====== Input records

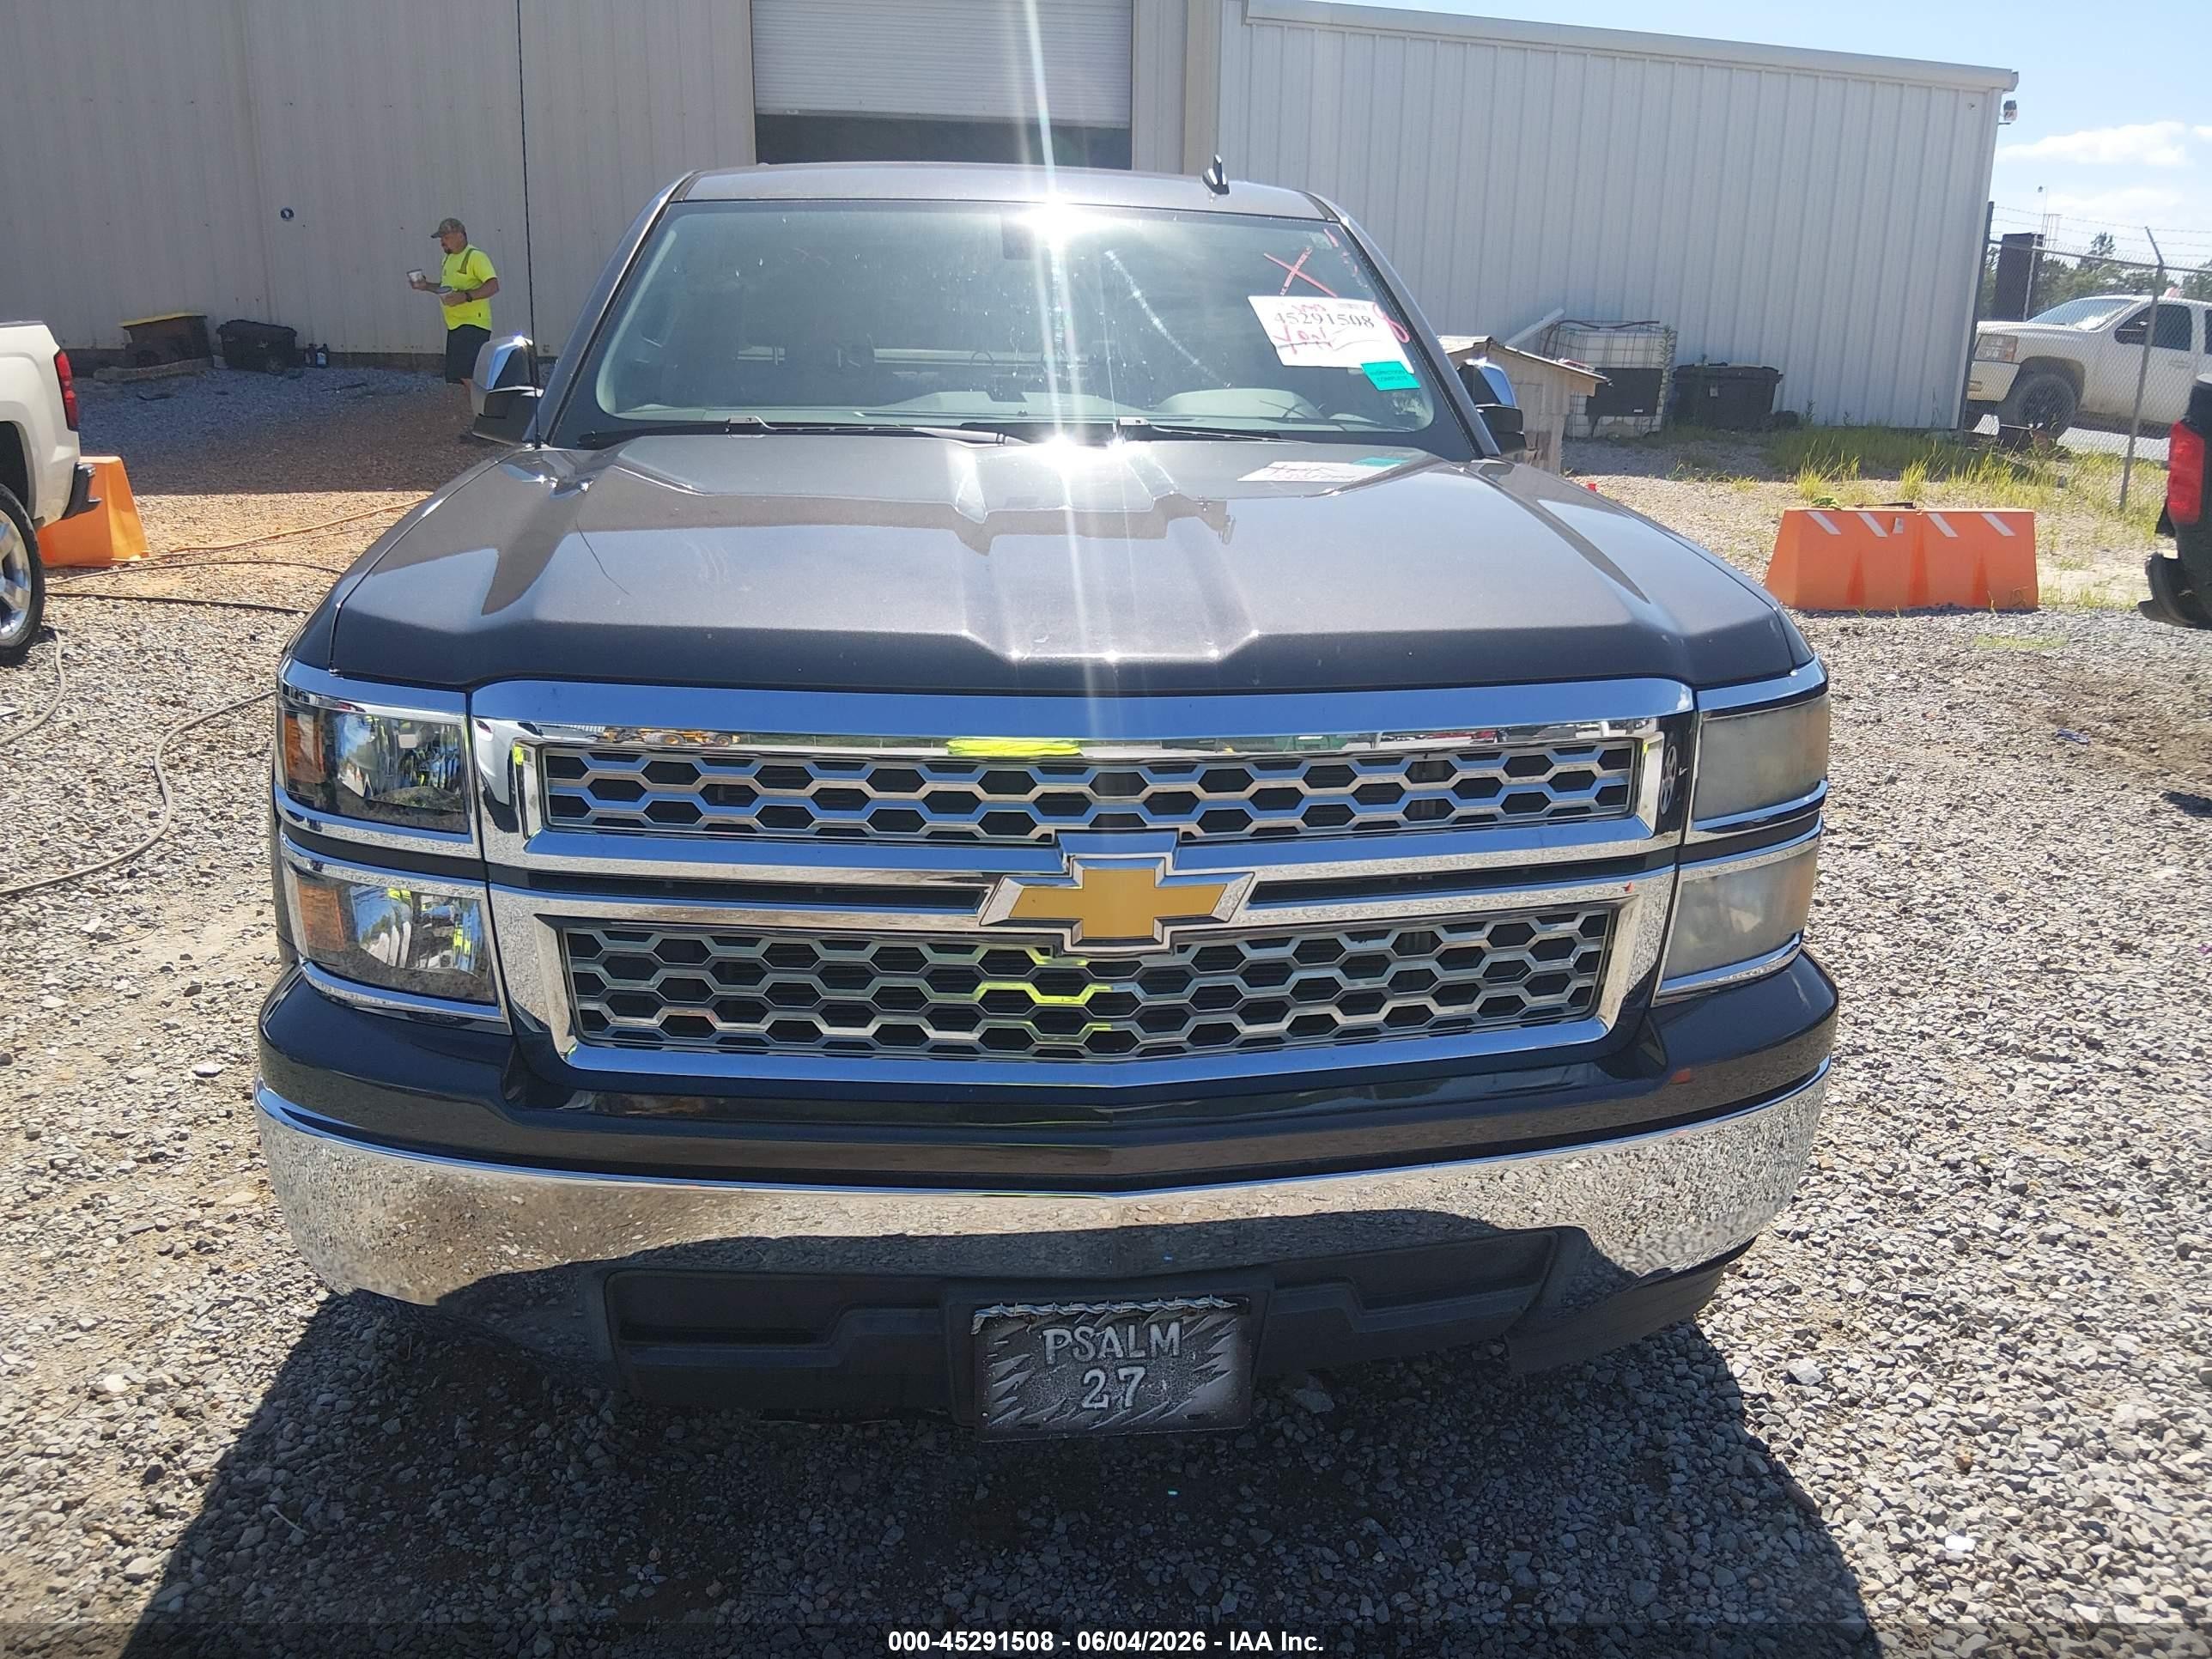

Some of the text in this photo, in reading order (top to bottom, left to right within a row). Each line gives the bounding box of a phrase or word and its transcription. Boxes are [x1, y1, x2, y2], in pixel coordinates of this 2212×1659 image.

[1273, 312, 1376, 330] 45291508
[1042, 1322, 1183, 1365] PSALM
[1081, 1365, 1146, 1410] 27
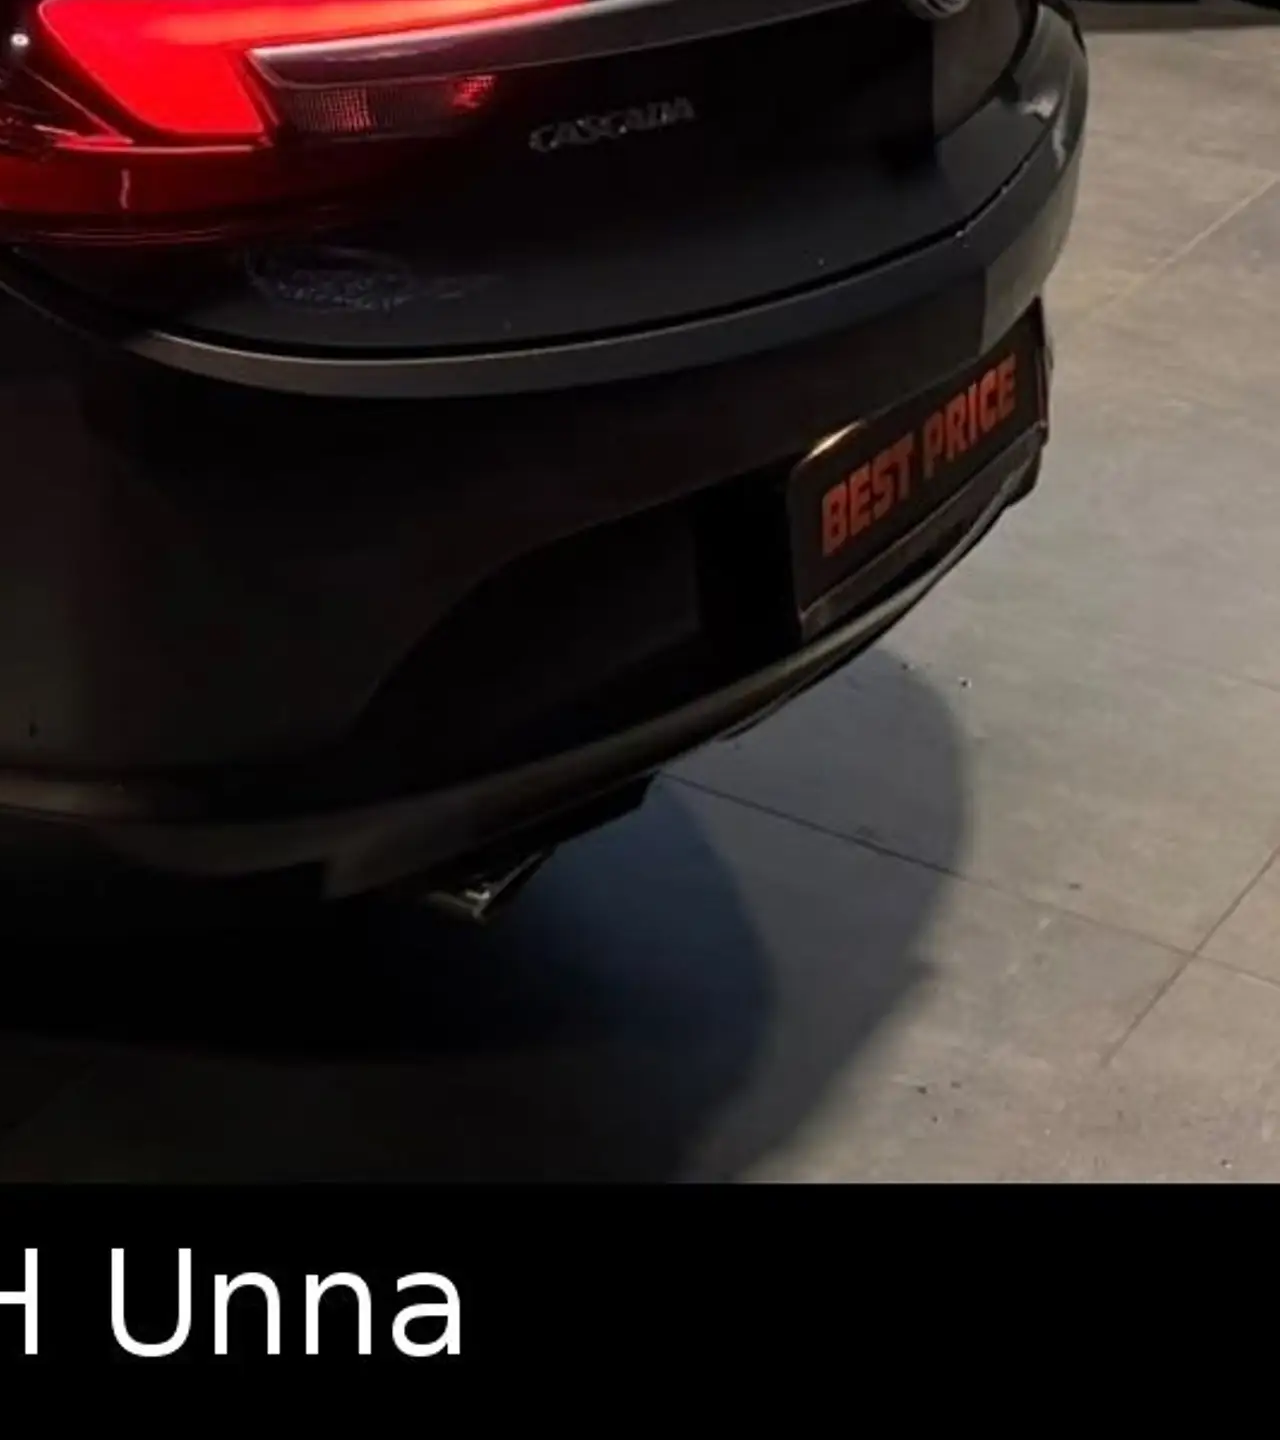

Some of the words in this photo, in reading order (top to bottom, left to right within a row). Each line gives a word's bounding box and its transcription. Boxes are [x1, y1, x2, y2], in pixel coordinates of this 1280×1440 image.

[528, 96, 695, 152] CASCADA
[821, 431, 914, 558] BEST
[923, 352, 1017, 480] PRICE

============

Instructions for the task. With the pictures removed, please retype each record exactly.

Your solution.
Some of the text in this photo, in reading order (top to bottom, left to right within a row). Each line gives the bounding box of a phrase or word and its transcription. Boxes are [x1, y1, x2, y2], in pixel coordinates of this 2212×1659 image.

[1273, 312, 1376, 330] 45291508
[1042, 1322, 1183, 1365] PSALM
[1081, 1365, 1146, 1410] 27

Some of the words in this photo, in reading order (top to bottom, left to right within a row). Each line gives a word's bounding box and its transcription. Boxes are [x1, y1, x2, y2], in pixel coordinates of this 1280×1440 image.

[528, 96, 695, 152] CASCADA
[821, 431, 914, 558] BEST
[923, 352, 1017, 480] PRICE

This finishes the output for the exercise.